* [What the exercise asks]
Each word in the data below should be copied exactly; the images should not.

* [Task inputs]
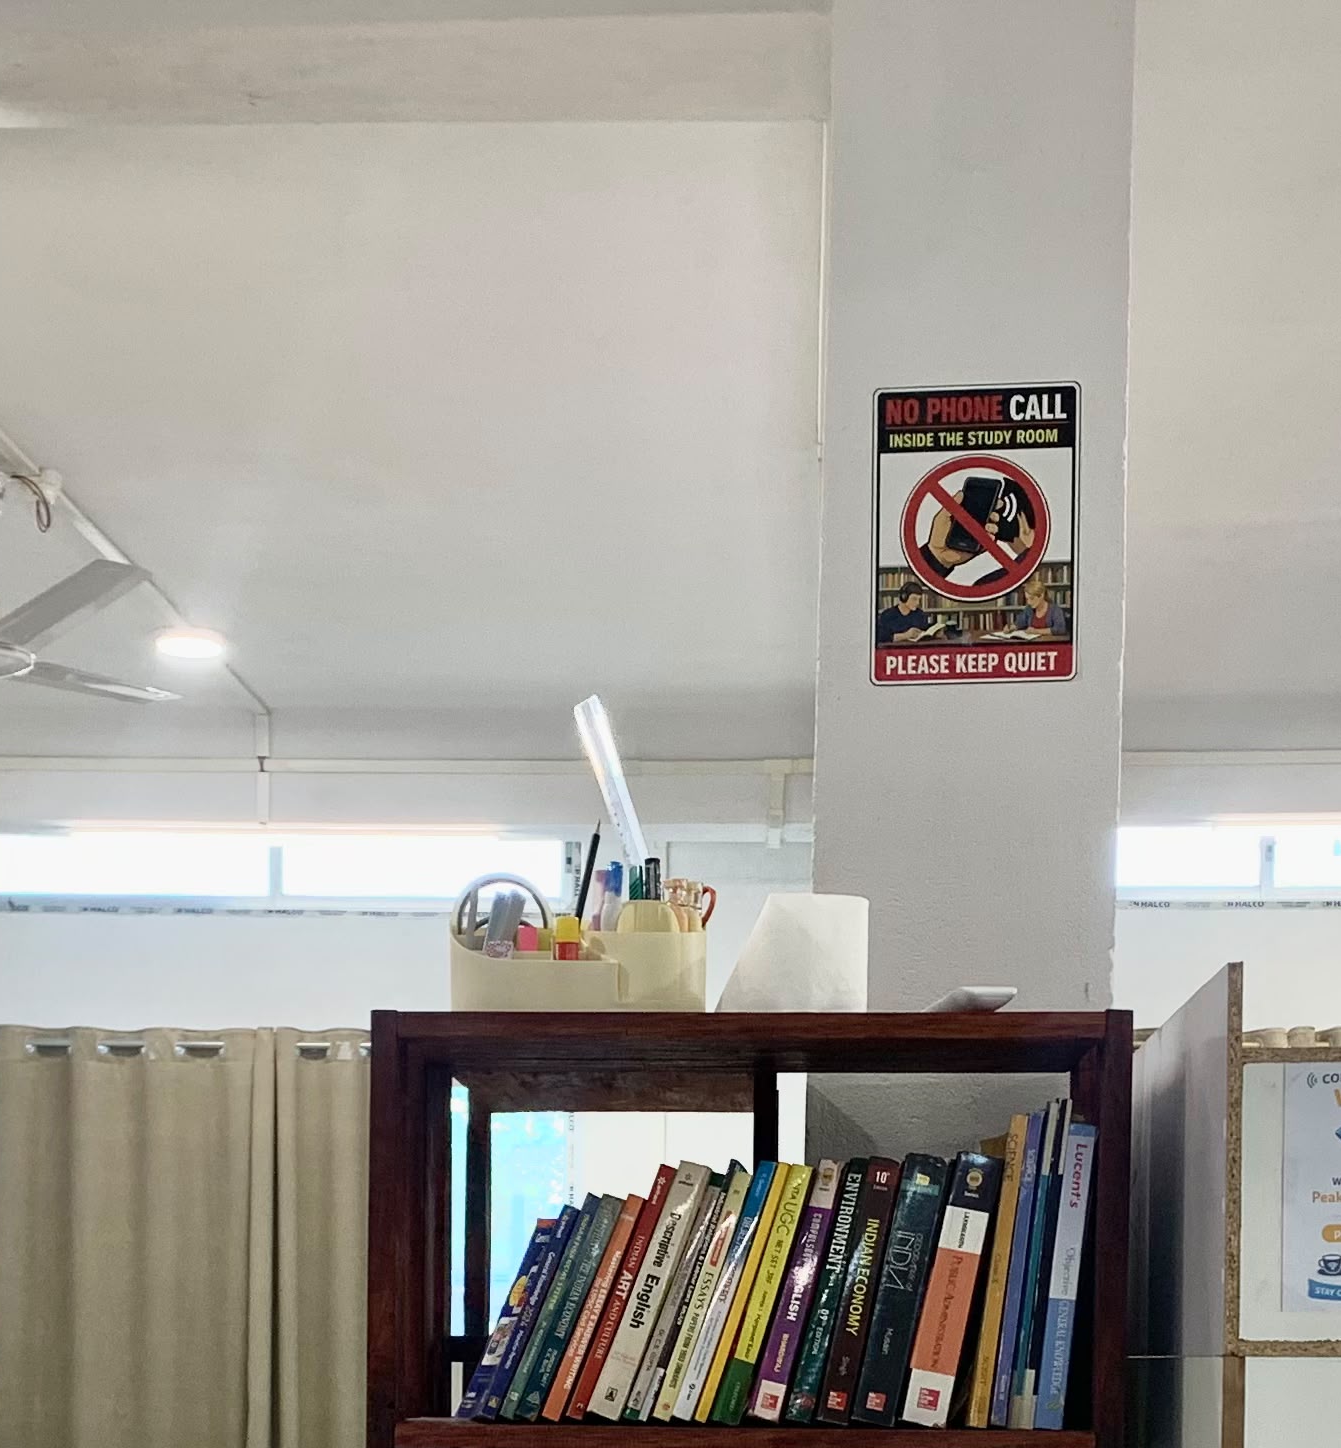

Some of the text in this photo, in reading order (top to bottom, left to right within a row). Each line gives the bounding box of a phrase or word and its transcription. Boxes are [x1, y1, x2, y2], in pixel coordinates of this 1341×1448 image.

[885, 394, 1067, 425] NO PHONE CALL
[889, 429, 1058, 448] INSIDE THE STUDY ROOM
[885, 651, 1058, 675] PLEASE KEEP QUIET
[1003, 1133, 1018, 1181] SCIENCE
[1068, 1143, 1086, 1209] Lucent's
[651, 1211, 682, 1269] Descriptive
[775, 1200, 797, 1236] UGC
[826, 1171, 861, 1273] ENVIRONMENT
[844, 1218, 880, 1336] INDIAN ECONOMY
[884, 1229, 915, 1290] INDIA
[593, 1234, 646, 1360] INDIAN ART AND CULTURE
[626, 1272, 661, 1331] English
[692, 1271, 714, 1310] ESSAYS
[553, 1300, 576, 1339] ECONOMY
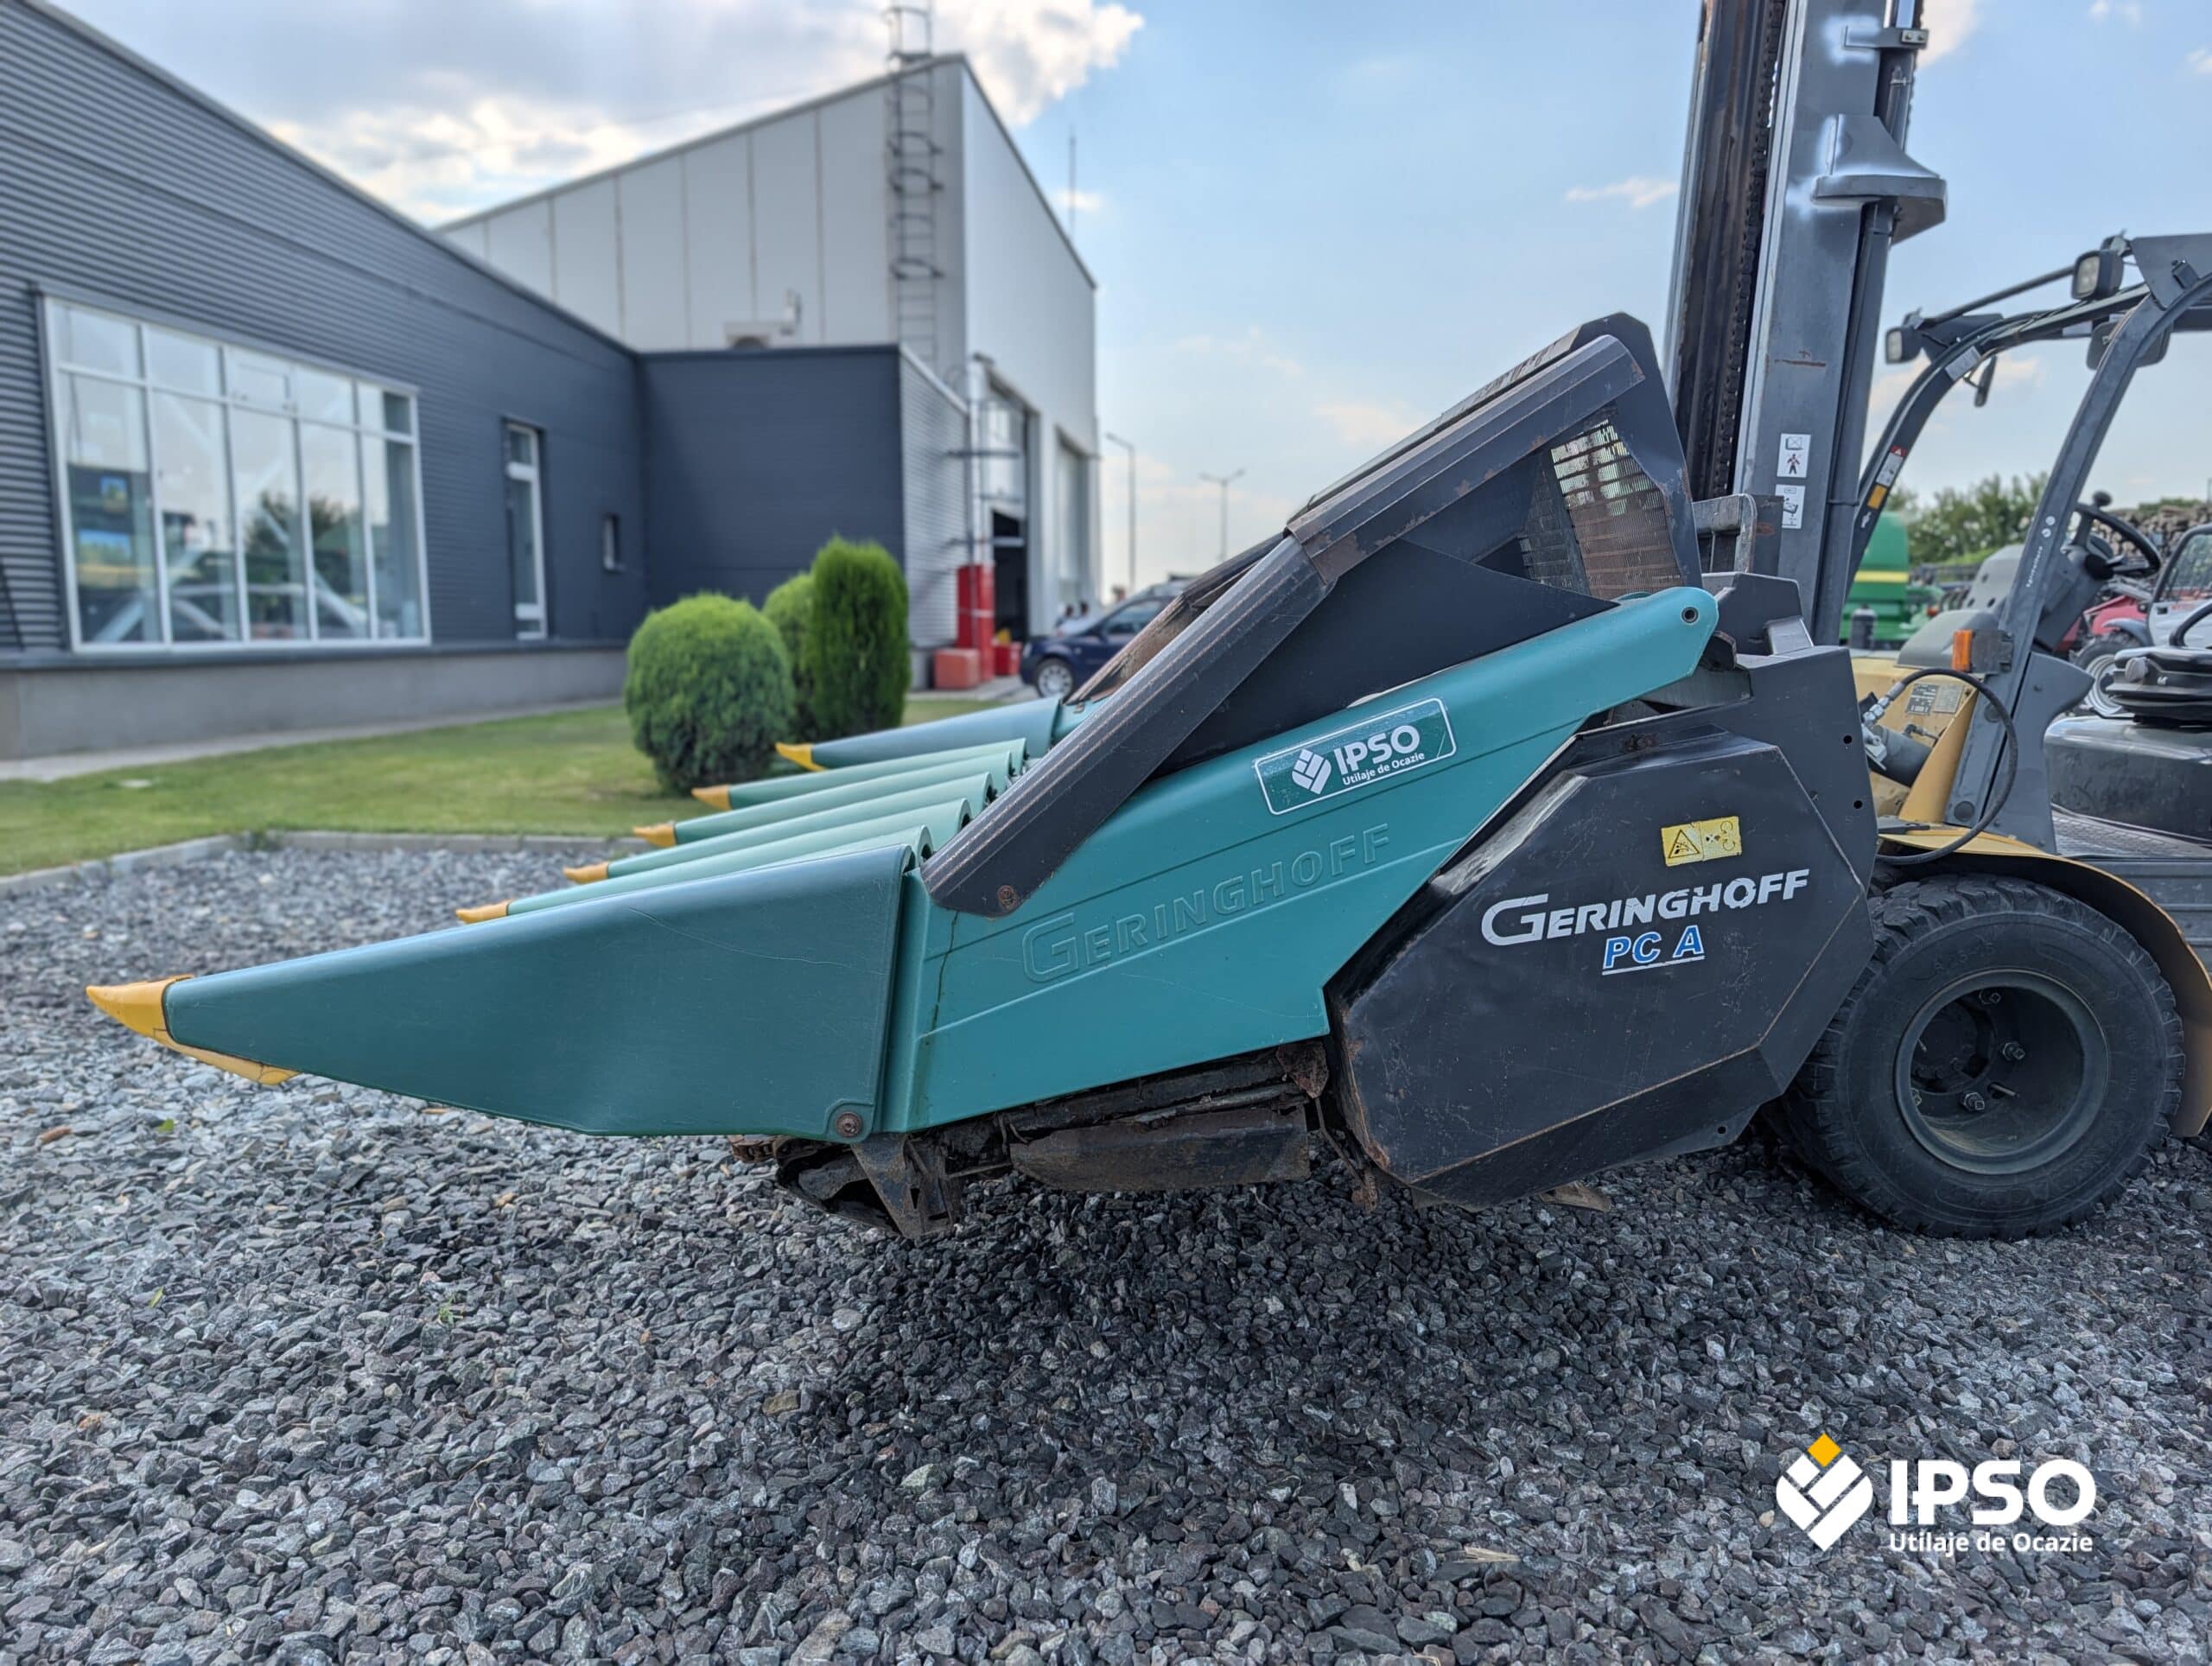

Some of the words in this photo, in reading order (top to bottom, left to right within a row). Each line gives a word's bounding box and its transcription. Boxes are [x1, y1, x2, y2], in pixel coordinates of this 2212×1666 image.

* [Finished exercise]
Some of the text in this photo, in reading order (top to bottom, left to right within a row). Each line gives the bounding box of a phrase or word and its transcription. Boxes are [x1, y1, x2, y2], in pixel coordinates of this 1341×1448 image.

[885, 394, 1067, 425] NO PHONE CALL
[889, 429, 1058, 448] INSIDE THE STUDY ROOM
[885, 651, 1058, 675] PLEASE KEEP QUIET
[1003, 1133, 1018, 1181] SCIENCE
[1068, 1143, 1086, 1209] Lucent's
[651, 1211, 682, 1269] Descriptive
[775, 1200, 797, 1236] UGC
[826, 1171, 861, 1273] ENVIRONMENT
[844, 1218, 880, 1336] INDIAN ECONOMY
[884, 1229, 915, 1290] INDIA
[593, 1234, 646, 1360] INDIAN ART AND CULTURE
[626, 1272, 661, 1331] English
[692, 1271, 714, 1310] ESSAYS
[553, 1300, 576, 1339] ECONOMY

Some of the words in this photo, in reading order (top to bottom, left to right within a row). Each line gives a word's bounding box and its transcription. Boxes are [x1, y1, x2, y2], in pixel coordinates of this 2212×1666 image.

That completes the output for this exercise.